TDZD analogues PNR886 and PNR962 bind the hydrophobic pocket of GSK3β in the inactive conformation. PNR962, PNR886, and TDZD-8 bind to the allosteric hydrophobic pocket of GSK3β. (A) Glide docking pose of TDZD-8 binding to the GSK3β allosteric pocket in the modeled inactive DFG-out conformation. (B) Glide docking of PNR962 binding to the GSK3β allosteric hydrophobic pocket in the modeled inactive DFG-out conformation. (C) Glide docking of PNR886 binding to the GSK3β allosteric hydrophobic pocket in the modeled inactive DFG-out conformation. (D) MM-GBSA-based ΔG_binding (Gibbs free energy of binding) calculated for TDZD analogues (TDZD-8, PNR962, and PNR886), each with GSK3β in the inactive (DFG-out) conformations. Molecular structures are depicted with Schrödinger Maestro 11.4 (Schrödinger Inc., New York City, NY, USA).

Figure 7

Molecular-Dynamic simulations support stable binding of TDZD analogs TDZD-8, PNR886, and PNR962 to the hydrophobic pocket in inactive GSK3β. (A–I), Snapshots from 0.5-µs simulations of full-length GSK3β in the inactive conformation, bound to TDZD-8, PNR886, or PNR962; structural images were extracted at 0 ns, 100 ns, and 200 ns. (J–L), Root Mean Square Deviations (RMSD) time-courses of GSK3β::ligand complexes are plotted for simulations of GSK3β bound to TDZD-8, PNR886, or PNR962, each superimposed over the same no-ligand control simulation (black tracings). Replicate simulations produced similar results, reaching plateaus (indicating stable conformations) in <50 ns.
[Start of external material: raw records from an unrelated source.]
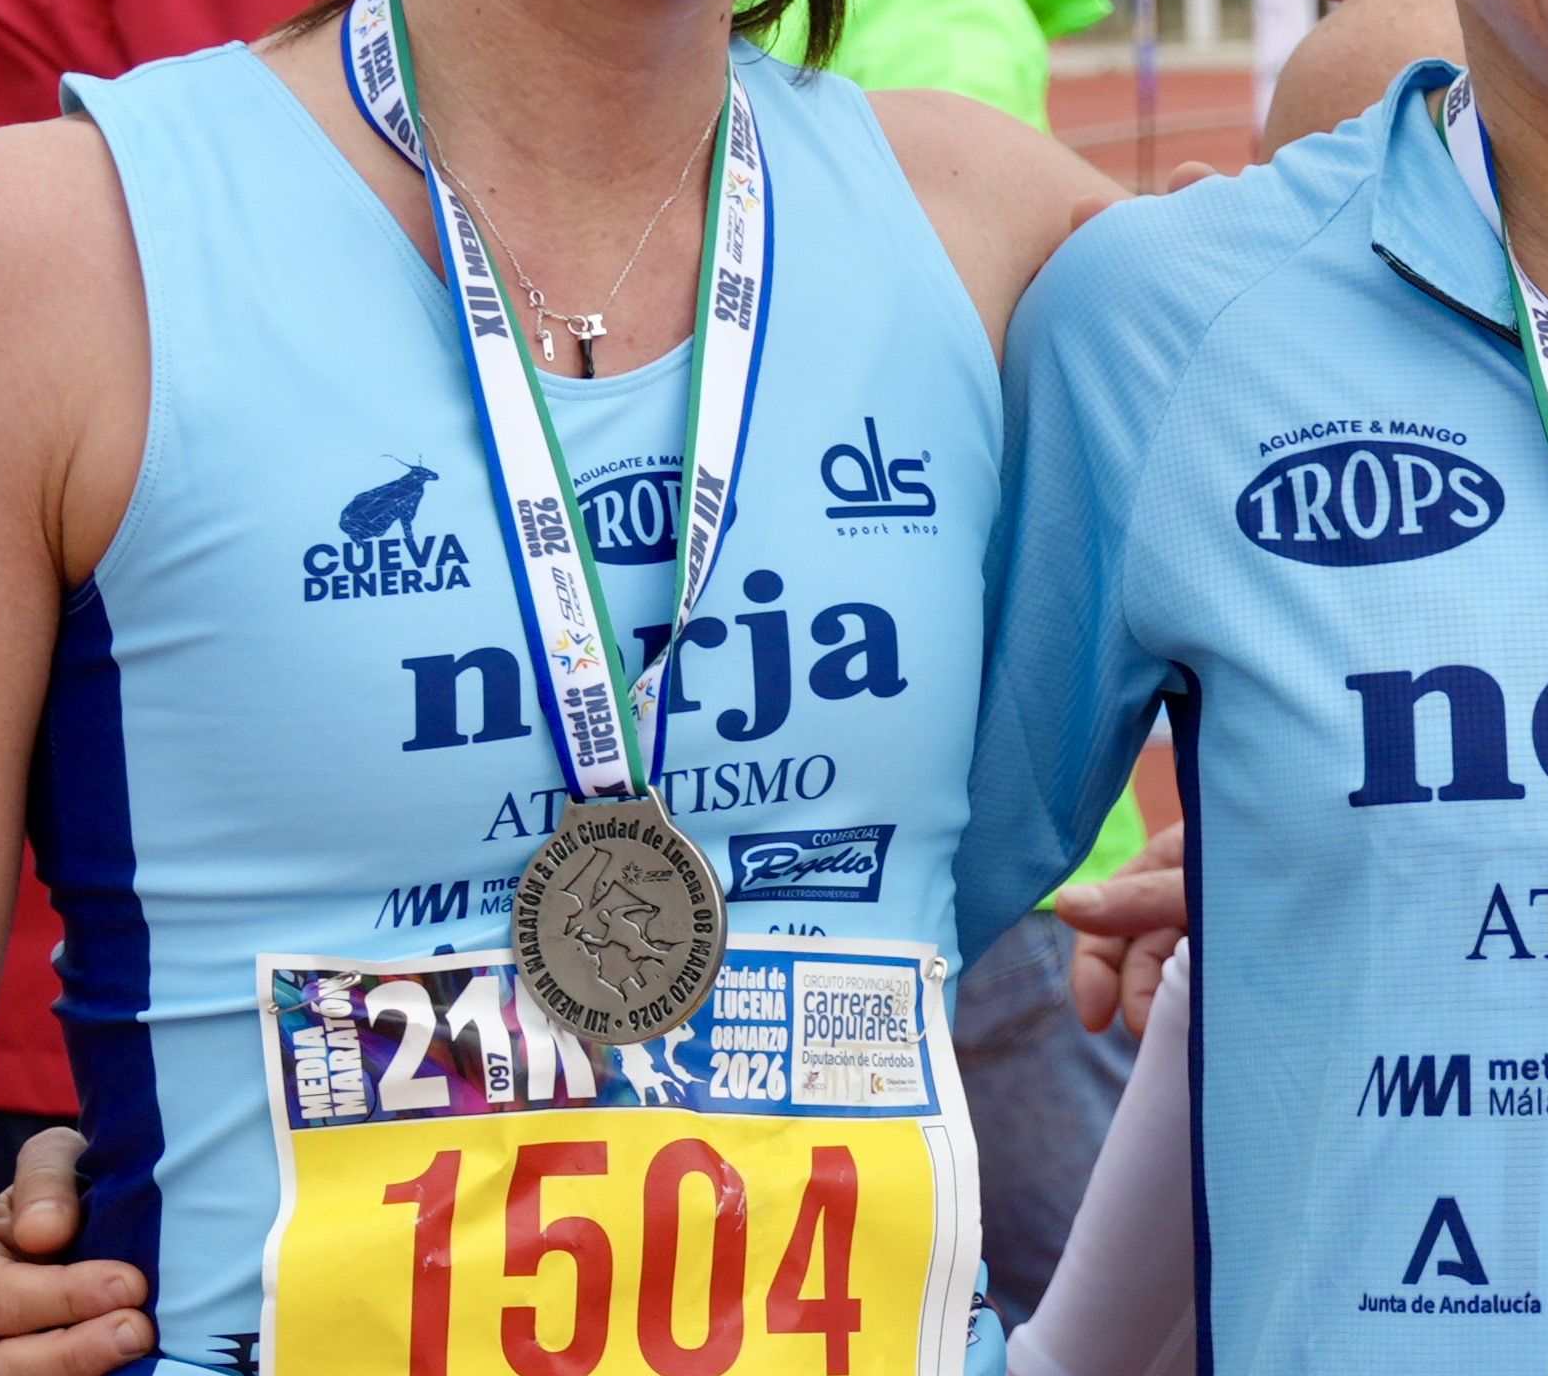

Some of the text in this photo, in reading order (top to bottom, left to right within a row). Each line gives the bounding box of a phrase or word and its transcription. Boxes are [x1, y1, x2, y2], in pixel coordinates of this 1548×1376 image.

[447, 194, 510, 339] XII MEDIA
[714, 266, 742, 323] 2026
[1258, 420, 1468, 457] AGUACATE & MANGO
[818, 416, 937, 516] als
[694, 464, 725, 528] XII
[1249, 449, 1491, 542] TROPS
[517, 499, 543, 558] 08MARZO
[533, 496, 571, 556] 2026
[835, 516, 940, 538] sport shop
[302, 532, 470, 579] CUEVA
[303, 562, 471, 602] DENERJA
[563, 708, 595, 768] Ciudad
[582, 682, 620, 768] LUCENA
[577, 816, 641, 846] Ciudad
[715, 965, 787, 990] Ciudad de
[803, 973, 895, 992] CIRCUITO PROVINCIAL
[712, 988, 787, 1022] LUCENA
[803, 990, 894, 1018] carreras
[310, 977, 369, 1117] MARATÓN
[710, 1024, 788, 1053] 08MARZO
[803, 1006, 909, 1047] populares
[293, 1025, 335, 1119] MEDIA
[487, 1051, 510, 1092] 097
[709, 1050, 787, 1102] 2026
[802, 1050, 915, 1068] Diputación de Córdoba
[1357, 1291, 1542, 1315] Junta de Andalucía
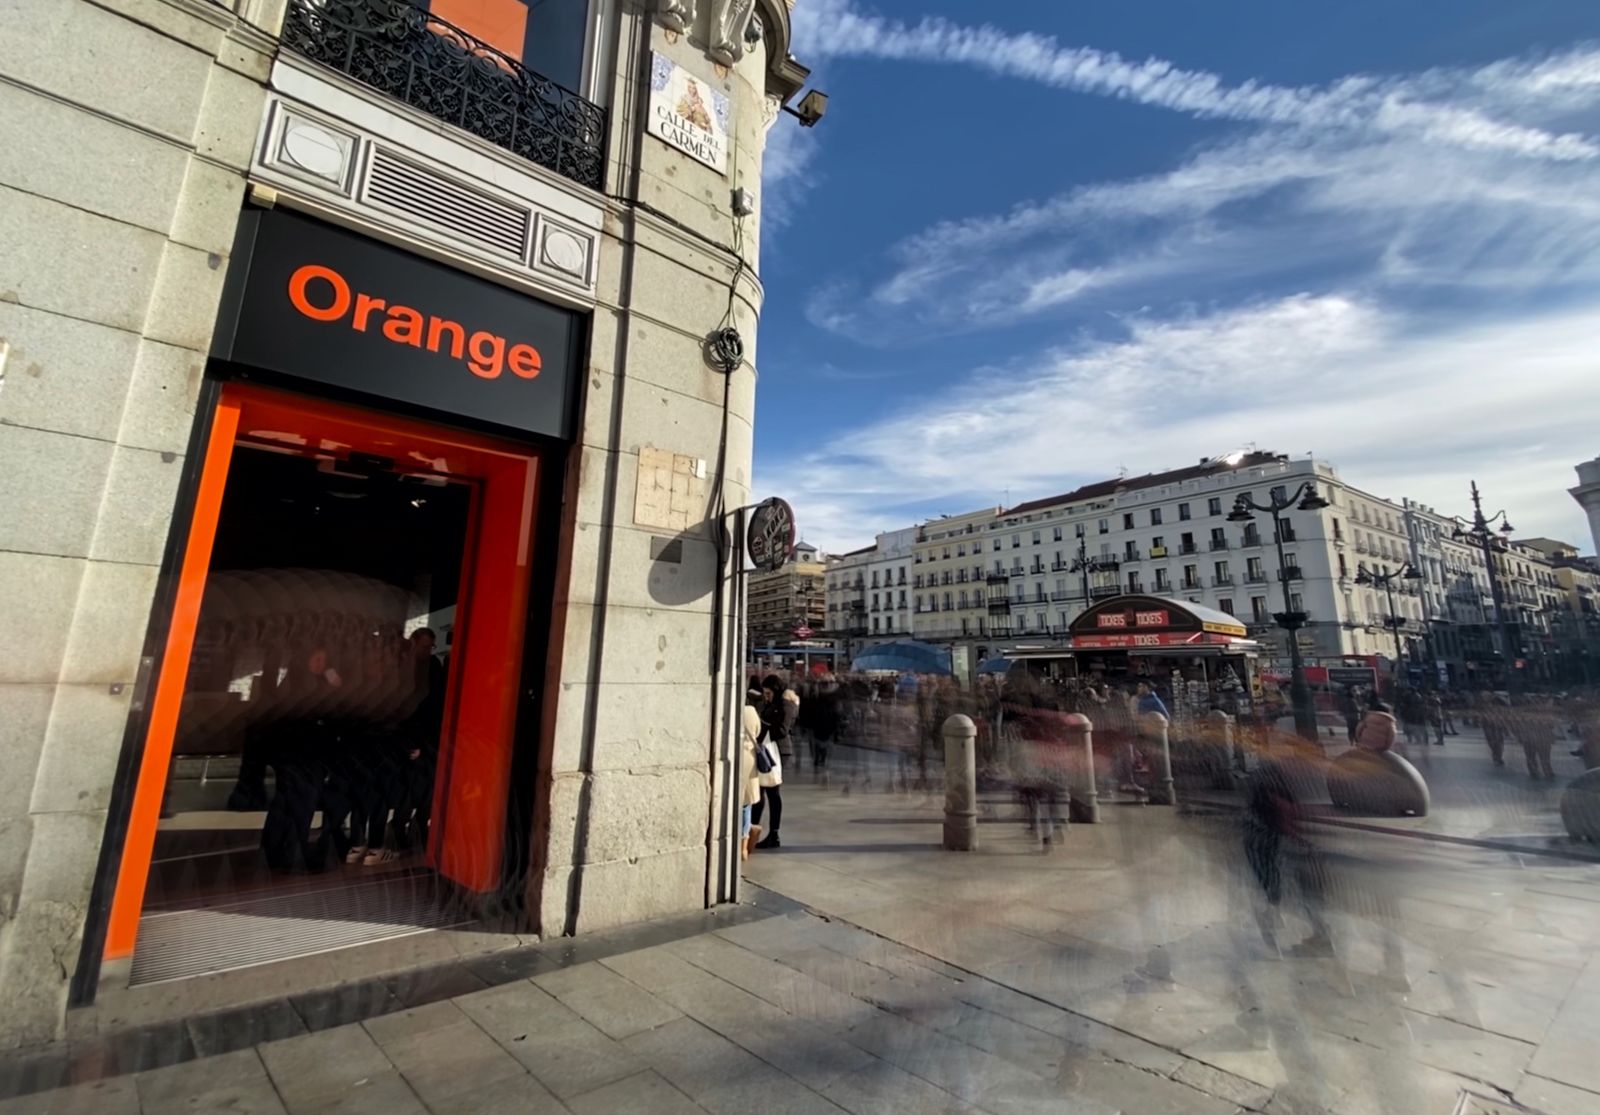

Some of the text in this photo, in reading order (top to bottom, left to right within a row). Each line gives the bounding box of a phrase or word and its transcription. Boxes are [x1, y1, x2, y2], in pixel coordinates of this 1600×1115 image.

Simulations were conducted in Schrödinger Maestro 11.4 (New York City, NY, USA).

Figure 8

Replacing TDZD-8 with PNR886 or PNR962 is predicted to improve binding to the hydrophobic pocket in the inactive conformation of GSK3β. The binding energy of TDZD-8 to GSK3β is first computed (represented as ΔG), and then TDZD-8 is exchanged with PNR886 or PNR962 using the FEP+ module of the Schrödinger Suite, permitting calculation of the resultant shifts in free energy (denoted as ΔΔG for binding to GSK3β, in kcal/mol).